PROBLEM DESCRIPTION
Every entry in the following data should be output exactly.

MATERIAL SHOWN
★ ★ ★ ★ ★

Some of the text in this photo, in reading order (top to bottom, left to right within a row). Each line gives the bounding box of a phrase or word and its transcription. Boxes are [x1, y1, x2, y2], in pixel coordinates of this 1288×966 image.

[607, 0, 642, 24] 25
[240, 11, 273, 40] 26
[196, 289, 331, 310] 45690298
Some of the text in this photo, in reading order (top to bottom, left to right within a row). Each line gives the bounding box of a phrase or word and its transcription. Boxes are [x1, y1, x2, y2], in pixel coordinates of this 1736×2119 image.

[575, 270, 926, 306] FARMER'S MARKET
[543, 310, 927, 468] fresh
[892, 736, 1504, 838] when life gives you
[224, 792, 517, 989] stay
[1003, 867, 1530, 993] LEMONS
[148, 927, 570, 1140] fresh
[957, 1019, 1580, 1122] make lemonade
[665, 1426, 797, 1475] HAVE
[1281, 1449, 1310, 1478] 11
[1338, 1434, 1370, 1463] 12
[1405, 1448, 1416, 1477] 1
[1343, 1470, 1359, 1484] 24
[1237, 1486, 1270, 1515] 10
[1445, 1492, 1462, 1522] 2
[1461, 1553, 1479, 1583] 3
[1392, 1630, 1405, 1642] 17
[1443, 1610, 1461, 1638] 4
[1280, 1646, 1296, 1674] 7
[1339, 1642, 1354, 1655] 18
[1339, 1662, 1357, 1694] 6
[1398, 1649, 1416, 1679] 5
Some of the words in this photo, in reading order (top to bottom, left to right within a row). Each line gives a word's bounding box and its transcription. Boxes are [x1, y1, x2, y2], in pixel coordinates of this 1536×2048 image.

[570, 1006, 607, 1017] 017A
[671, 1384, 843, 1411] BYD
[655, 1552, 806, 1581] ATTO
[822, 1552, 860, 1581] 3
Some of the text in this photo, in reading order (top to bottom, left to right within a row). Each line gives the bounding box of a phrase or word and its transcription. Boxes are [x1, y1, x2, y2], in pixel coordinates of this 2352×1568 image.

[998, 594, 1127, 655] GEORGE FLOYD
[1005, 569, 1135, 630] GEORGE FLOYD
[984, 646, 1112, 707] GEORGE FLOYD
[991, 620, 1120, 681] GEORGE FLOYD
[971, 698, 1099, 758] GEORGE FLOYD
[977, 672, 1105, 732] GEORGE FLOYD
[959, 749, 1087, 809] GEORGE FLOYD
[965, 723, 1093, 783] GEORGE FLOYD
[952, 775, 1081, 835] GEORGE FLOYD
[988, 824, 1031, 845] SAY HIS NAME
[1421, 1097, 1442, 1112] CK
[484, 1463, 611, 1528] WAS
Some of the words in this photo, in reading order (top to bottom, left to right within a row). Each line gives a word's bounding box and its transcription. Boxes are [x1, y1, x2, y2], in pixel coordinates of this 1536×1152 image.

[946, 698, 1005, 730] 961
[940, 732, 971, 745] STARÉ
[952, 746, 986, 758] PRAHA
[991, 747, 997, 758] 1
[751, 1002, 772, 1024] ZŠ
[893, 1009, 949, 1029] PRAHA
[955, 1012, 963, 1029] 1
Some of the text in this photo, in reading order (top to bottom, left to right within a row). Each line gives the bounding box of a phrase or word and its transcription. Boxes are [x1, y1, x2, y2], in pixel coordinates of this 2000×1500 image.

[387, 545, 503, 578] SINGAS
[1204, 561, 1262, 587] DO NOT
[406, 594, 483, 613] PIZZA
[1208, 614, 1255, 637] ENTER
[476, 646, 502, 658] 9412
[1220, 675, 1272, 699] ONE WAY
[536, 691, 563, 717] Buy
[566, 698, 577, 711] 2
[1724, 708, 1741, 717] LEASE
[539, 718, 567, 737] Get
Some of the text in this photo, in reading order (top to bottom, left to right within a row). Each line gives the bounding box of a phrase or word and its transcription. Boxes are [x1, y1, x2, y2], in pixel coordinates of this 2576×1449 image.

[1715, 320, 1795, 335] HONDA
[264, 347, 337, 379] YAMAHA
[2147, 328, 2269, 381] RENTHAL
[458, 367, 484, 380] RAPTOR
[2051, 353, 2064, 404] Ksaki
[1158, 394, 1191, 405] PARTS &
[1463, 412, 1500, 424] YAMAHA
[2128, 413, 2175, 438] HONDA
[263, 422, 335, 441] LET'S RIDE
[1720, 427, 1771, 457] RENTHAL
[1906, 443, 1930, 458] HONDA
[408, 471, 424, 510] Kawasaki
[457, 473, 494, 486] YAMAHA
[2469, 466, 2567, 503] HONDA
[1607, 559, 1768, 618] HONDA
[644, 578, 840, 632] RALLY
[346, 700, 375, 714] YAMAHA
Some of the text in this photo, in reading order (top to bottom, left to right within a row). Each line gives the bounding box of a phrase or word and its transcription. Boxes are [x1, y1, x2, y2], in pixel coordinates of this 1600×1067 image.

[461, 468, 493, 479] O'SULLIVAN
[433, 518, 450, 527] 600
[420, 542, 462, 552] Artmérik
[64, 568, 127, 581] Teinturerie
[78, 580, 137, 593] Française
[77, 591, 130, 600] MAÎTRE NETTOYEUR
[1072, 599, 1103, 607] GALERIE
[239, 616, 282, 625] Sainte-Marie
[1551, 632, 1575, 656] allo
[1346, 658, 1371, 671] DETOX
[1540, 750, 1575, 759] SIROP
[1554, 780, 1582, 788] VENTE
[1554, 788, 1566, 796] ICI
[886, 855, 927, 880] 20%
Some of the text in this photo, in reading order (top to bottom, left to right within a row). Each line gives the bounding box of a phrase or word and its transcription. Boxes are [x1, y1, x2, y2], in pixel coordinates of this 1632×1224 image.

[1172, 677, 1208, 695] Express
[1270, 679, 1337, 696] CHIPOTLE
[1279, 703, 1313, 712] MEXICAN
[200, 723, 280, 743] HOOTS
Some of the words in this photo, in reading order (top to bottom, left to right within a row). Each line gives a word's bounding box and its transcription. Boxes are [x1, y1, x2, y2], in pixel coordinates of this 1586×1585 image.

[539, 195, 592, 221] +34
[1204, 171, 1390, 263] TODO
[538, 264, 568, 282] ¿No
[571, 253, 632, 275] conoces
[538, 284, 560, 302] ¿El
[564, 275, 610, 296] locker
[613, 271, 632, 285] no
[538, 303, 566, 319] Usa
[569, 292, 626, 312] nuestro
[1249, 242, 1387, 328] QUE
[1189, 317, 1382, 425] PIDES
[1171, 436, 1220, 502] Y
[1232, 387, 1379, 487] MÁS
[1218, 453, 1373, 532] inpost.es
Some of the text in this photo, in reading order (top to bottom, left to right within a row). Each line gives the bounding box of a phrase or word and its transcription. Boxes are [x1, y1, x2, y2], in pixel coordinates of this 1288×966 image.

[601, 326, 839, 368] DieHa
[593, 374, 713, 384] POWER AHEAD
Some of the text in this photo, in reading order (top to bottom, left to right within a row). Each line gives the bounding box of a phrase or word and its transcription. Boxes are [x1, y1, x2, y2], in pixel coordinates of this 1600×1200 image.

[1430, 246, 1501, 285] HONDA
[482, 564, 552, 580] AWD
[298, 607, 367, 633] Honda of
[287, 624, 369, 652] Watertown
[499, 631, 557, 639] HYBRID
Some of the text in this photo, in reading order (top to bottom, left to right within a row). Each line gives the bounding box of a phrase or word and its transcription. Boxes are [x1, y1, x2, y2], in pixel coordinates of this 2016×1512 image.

★ ★ ★ ★ ★

ANSWER SPACE
Some of the text in this photo, in reading order (top to bottom, left to right within a row). Each line gives the bounding box of a phrase or word and its transcription. Boxes are [x1, y1, x2, y2], in pixel coordinates of this 1288×966 image.

[607, 0, 642, 24] 25
[240, 11, 273, 40] 26
[196, 289, 331, 310] 45690298
Some of the text in this photo, in reading order (top to bottom, left to right within a row). Each line gives the bounding box of a phrase or word and its transcription. Boxes are [x1, y1, x2, y2], in pixel coordinates of this 1736×2119 image.

[575, 270, 926, 306] FARMER'S MARKET
[543, 310, 927, 468] fresh
[892, 736, 1504, 838] when life gives you
[224, 792, 517, 989] stay
[1003, 867, 1530, 993] LEMONS
[148, 927, 570, 1140] fresh
[957, 1019, 1580, 1122] make lemonade
[665, 1426, 797, 1475] HAVE
[1281, 1449, 1310, 1478] 11
[1338, 1434, 1370, 1463] 12
[1405, 1448, 1416, 1477] 1
[1343, 1470, 1359, 1484] 24
[1237, 1486, 1270, 1515] 10
[1445, 1492, 1462, 1522] 2
[1461, 1553, 1479, 1583] 3
[1392, 1630, 1405, 1642] 17
[1443, 1610, 1461, 1638] 4
[1280, 1646, 1296, 1674] 7
[1339, 1642, 1354, 1655] 18
[1339, 1662, 1357, 1694] 6
[1398, 1649, 1416, 1679] 5
Some of the words in this photo, in reading order (top to bottom, left to right within a row). Each line gives a word's bounding box and its transcription. Boxes are [x1, y1, x2, y2], in pixel coordinates of this 1536×2048 image.

[570, 1006, 607, 1017] 017A
[671, 1384, 843, 1411] BYD
[655, 1552, 806, 1581] ATTO
[822, 1552, 860, 1581] 3
Some of the text in this photo, in reading order (top to bottom, left to right within a row). Each line gives the bounding box of a phrase or word and its transcription. Boxes are [x1, y1, x2, y2], in pixel coordinates of this 2352×1568 image.

[998, 594, 1127, 655] GEORGE FLOYD
[1005, 569, 1135, 630] GEORGE FLOYD
[984, 646, 1112, 707] GEORGE FLOYD
[991, 620, 1120, 681] GEORGE FLOYD
[971, 698, 1099, 758] GEORGE FLOYD
[977, 672, 1105, 732] GEORGE FLOYD
[959, 749, 1087, 809] GEORGE FLOYD
[965, 723, 1093, 783] GEORGE FLOYD
[952, 775, 1081, 835] GEORGE FLOYD
[988, 824, 1031, 845] SAY HIS NAME
[1421, 1097, 1442, 1112] CK
[484, 1463, 611, 1528] WAS
Some of the words in this photo, in reading order (top to bottom, left to right within a row). Each line gives a word's bounding box and its transcription. Boxes are [x1, y1, x2, y2], in pixel coordinates of this 1536×1152 image.

[946, 698, 1005, 730] 961
[940, 732, 971, 745] STARÉ
[952, 746, 986, 758] PRAHA
[991, 747, 997, 758] 1
[751, 1002, 772, 1024] ZŠ
[893, 1009, 949, 1029] PRAHA
[955, 1012, 963, 1029] 1
Some of the text in this photo, in reading order (top to bottom, left to right within a row). Each line gives the bounding box of a phrase or word and its transcription. Boxes are [x1, y1, x2, y2], in pixel coordinates of this 2000×1500 image.

[387, 545, 503, 578] SINGAS
[1204, 561, 1262, 587] DO NOT
[406, 594, 483, 613] PIZZA
[1208, 614, 1255, 637] ENTER
[476, 646, 502, 658] 9412
[1220, 675, 1272, 699] ONE WAY
[536, 691, 563, 717] Buy
[566, 698, 577, 711] 2
[1724, 708, 1741, 717] LEASE
[539, 718, 567, 737] Get
Some of the text in this photo, in reading order (top to bottom, left to right within a row). Each line gives the bounding box of a phrase or word and its transcription. Boxes are [x1, y1, x2, y2], in pixel coordinates of this 2576×1449 image.

[1715, 320, 1795, 335] HONDA
[264, 347, 337, 379] YAMAHA
[2147, 328, 2269, 381] RENTHAL
[458, 367, 484, 380] RAPTOR
[2051, 353, 2064, 404] Ksaki
[1158, 394, 1191, 405] PARTS &
[1463, 412, 1500, 424] YAMAHA
[2128, 413, 2175, 438] HONDA
[263, 422, 335, 441] LET'S RIDE
[1720, 427, 1771, 457] RENTHAL
[1906, 443, 1930, 458] HONDA
[408, 471, 424, 510] Kawasaki
[457, 473, 494, 486] YAMAHA
[2469, 466, 2567, 503] HONDA
[1607, 559, 1768, 618] HONDA
[644, 578, 840, 632] RALLY
[346, 700, 375, 714] YAMAHA
Some of the text in this photo, in reading order (top to bottom, left to right within a row). Each line gives the bounding box of a phrase or word and its transcription. Boxes are [x1, y1, x2, y2], in pixel coordinates of this 1600×1067 image.

[461, 468, 493, 479] O'SULLIVAN
[433, 518, 450, 527] 600
[420, 542, 462, 552] Artmérik
[64, 568, 127, 581] Teinturerie
[78, 580, 137, 593] Française
[77, 591, 130, 600] MAÎTRE NETTOYEUR
[1072, 599, 1103, 607] GALERIE
[239, 616, 282, 625] Sainte-Marie
[1551, 632, 1575, 656] allo
[1346, 658, 1371, 671] DETOX
[1540, 750, 1575, 759] SIROP
[1554, 780, 1582, 788] VENTE
[1554, 788, 1566, 796] ICI
[886, 855, 927, 880] 20%
Some of the text in this photo, in reading order (top to bottom, left to right within a row). Each line gives the bounding box of a phrase or word and its transcription. Boxes are [x1, y1, x2, y2], in pixel coordinates of this 1632×1224 image.

[1172, 677, 1208, 695] Express
[1270, 679, 1337, 696] CHIPOTLE
[1279, 703, 1313, 712] MEXICAN
[200, 723, 280, 743] HOOTS
Some of the words in this photo, in reading order (top to bottom, left to right within a row). Each line gives a word's bounding box and its transcription. Boxes are [x1, y1, x2, y2], in pixel coordinates of this 1586×1585 image.

[539, 195, 592, 221] +34
[1204, 171, 1390, 263] TODO
[538, 264, 568, 282] ¿No
[571, 253, 632, 275] conoces
[538, 284, 560, 302] ¿El
[564, 275, 610, 296] locker
[613, 271, 632, 285] no
[538, 303, 566, 319] Usa
[569, 292, 626, 312] nuestro
[1249, 242, 1387, 328] QUE
[1189, 317, 1382, 425] PIDES
[1171, 436, 1220, 502] Y
[1232, 387, 1379, 487] MÁS
[1218, 453, 1373, 532] inpost.es
Some of the text in this photo, in reading order (top to bottom, left to right within a row). Each line gives the bounding box of a phrase or word and its transcription. Boxes are [x1, y1, x2, y2], in pixel coordinates of this 1288×966 image.

[601, 326, 839, 368] DieHa
[593, 374, 713, 384] POWER AHEAD
Some of the text in this photo, in reading order (top to bottom, left to right within a row). Each line gives the bounding box of a phrase or word and its transcription. Boxes are [x1, y1, x2, y2], in pixel coordinates of this 1600×1200 image.

[1430, 246, 1501, 285] HONDA
[482, 564, 552, 580] AWD
[298, 607, 367, 633] Honda of
[287, 624, 369, 652] Watertown
[499, 631, 557, 639] HYBRID
Some of the text in this photo, in reading order (top to bottom, left to right within a row). Each line gives the bounding box of a phrase or word and its transcription. Boxes are [x1, y1, x2, y2], in pixel coordinates of this 2016×1512 image.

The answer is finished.